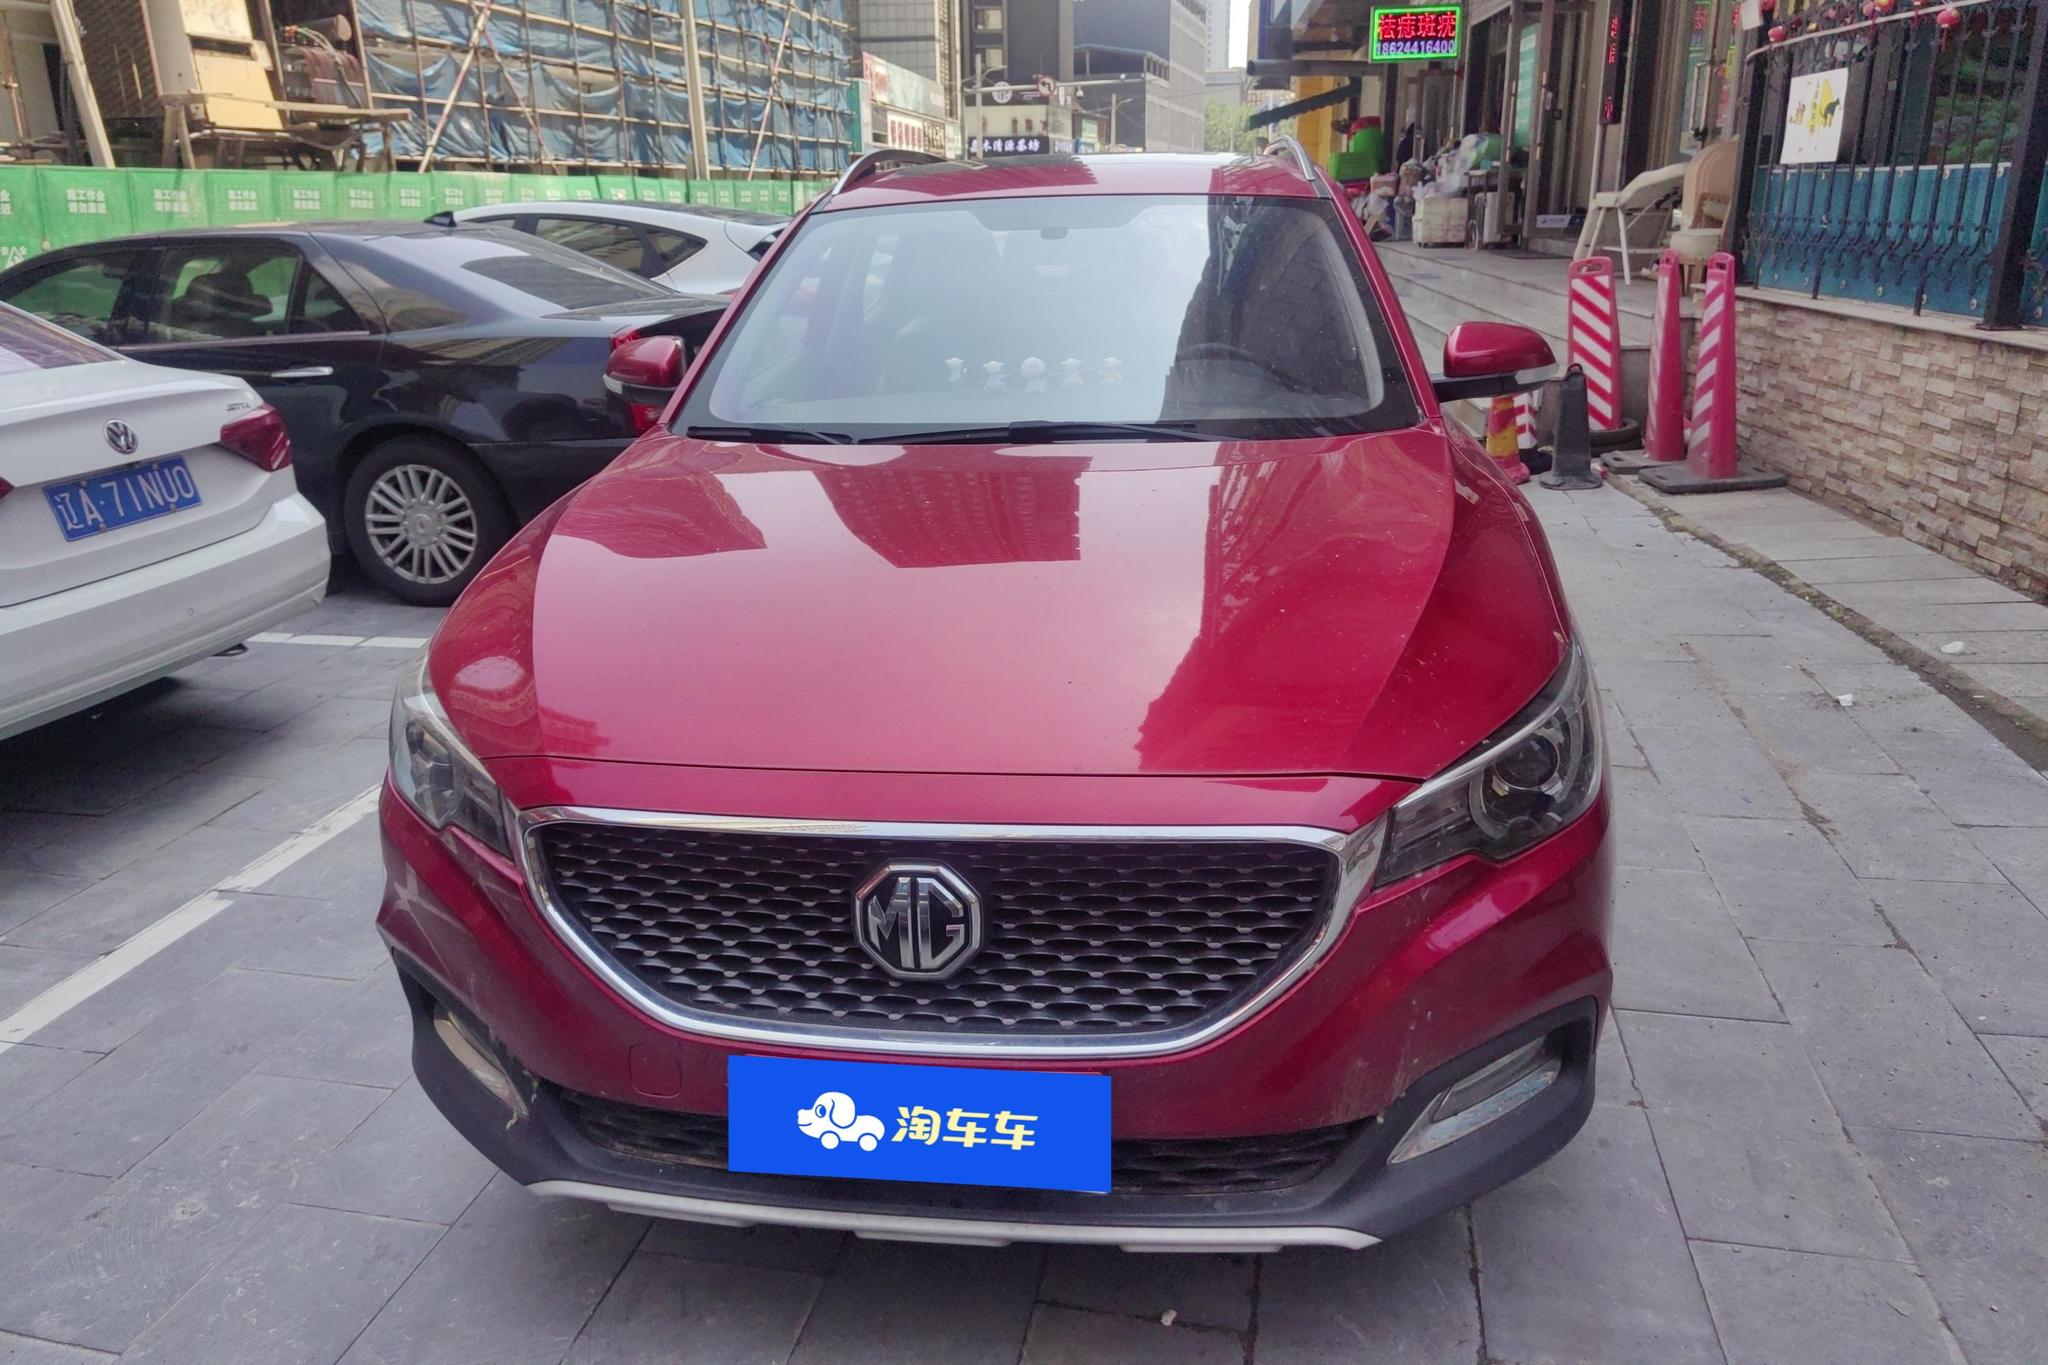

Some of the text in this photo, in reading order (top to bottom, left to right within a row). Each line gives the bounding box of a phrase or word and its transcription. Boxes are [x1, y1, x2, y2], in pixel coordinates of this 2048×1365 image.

[1378, 11, 1456, 40] 祛痣斑疣
[1376, 40, 1456, 56] 18624416400
[867, 877, 964, 970] MG
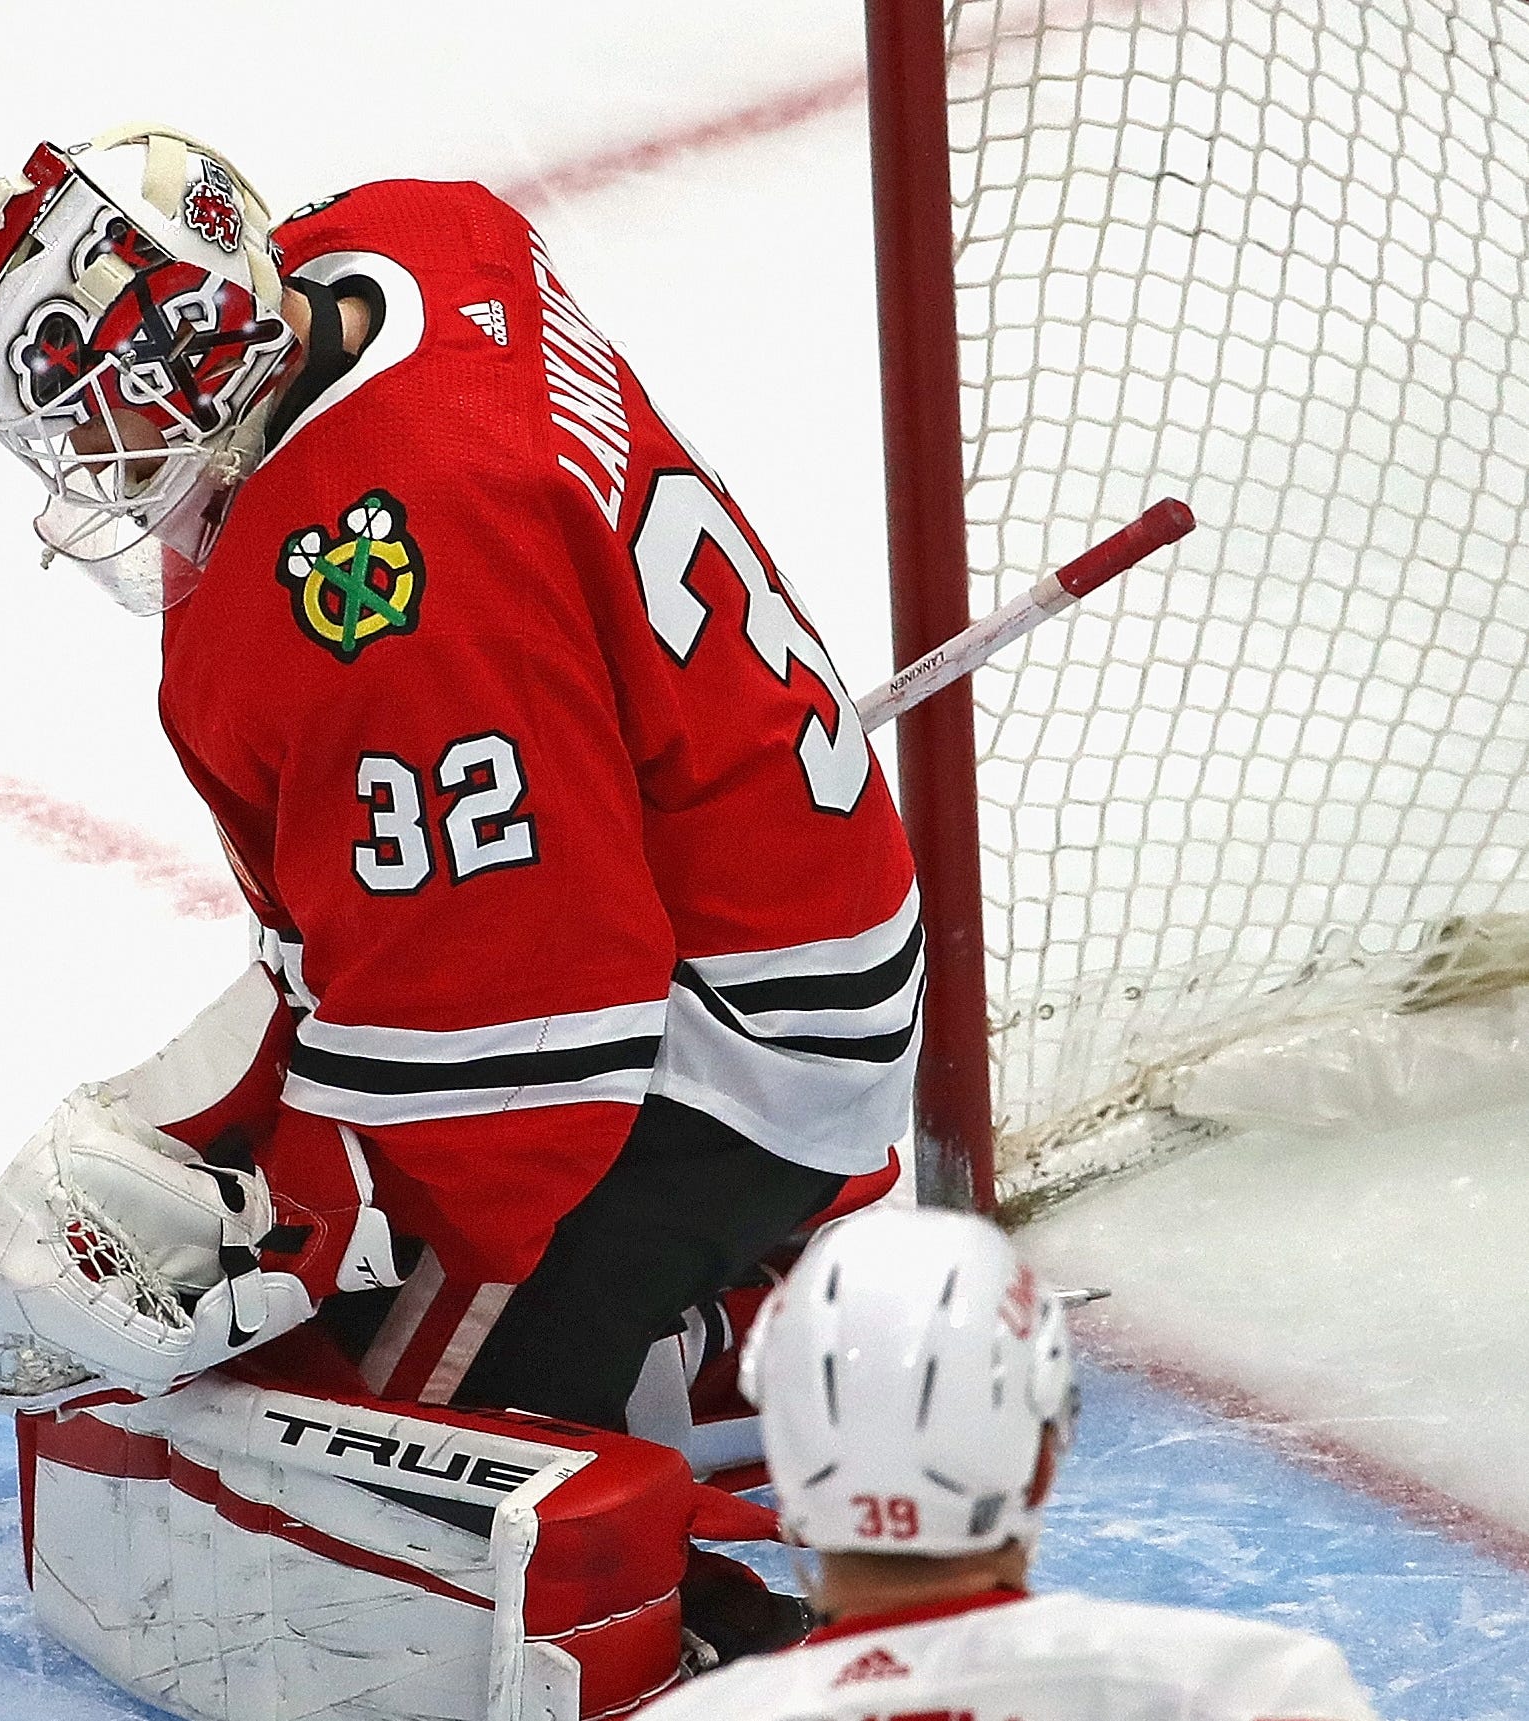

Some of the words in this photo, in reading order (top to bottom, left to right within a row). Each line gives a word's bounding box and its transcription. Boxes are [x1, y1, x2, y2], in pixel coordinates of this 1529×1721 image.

[489, 299, 508, 347] adidas
[527, 229, 631, 533] LANKINE
[628, 440, 872, 820] 3
[889, 651, 945, 695] LANKINEN
[350, 729, 541, 893] 32
[264, 1409, 541, 1494] TRUE
[849, 1494, 920, 1541] 39

◆ **About this exercise**: From the material above, print everything exactly except the pictures.

◆ **Solved problem**:
Some of the text in this photo, in reading order (top to bottom, left to right within a row). Each line gives the bounding box of a phrase or word and its transcription. Boxes are [x1, y1, x2, y2], in pixel coordinates of this 2048×1365 image.

[1378, 11, 1456, 40] 祛痣斑疣
[1376, 40, 1456, 56] 18624416400
[867, 877, 964, 970] MG

Some of the words in this photo, in reading order (top to bottom, left to right within a row). Each line gives a word's bounding box and its transcription. Boxes are [x1, y1, x2, y2], in pixel coordinates of this 1529×1721 image.

[489, 299, 508, 347] adidas
[527, 229, 631, 533] LANKINE
[628, 440, 872, 820] 3
[889, 651, 945, 695] LANKINEN
[350, 729, 541, 893] 32
[264, 1409, 541, 1494] TRUE
[849, 1494, 920, 1541] 39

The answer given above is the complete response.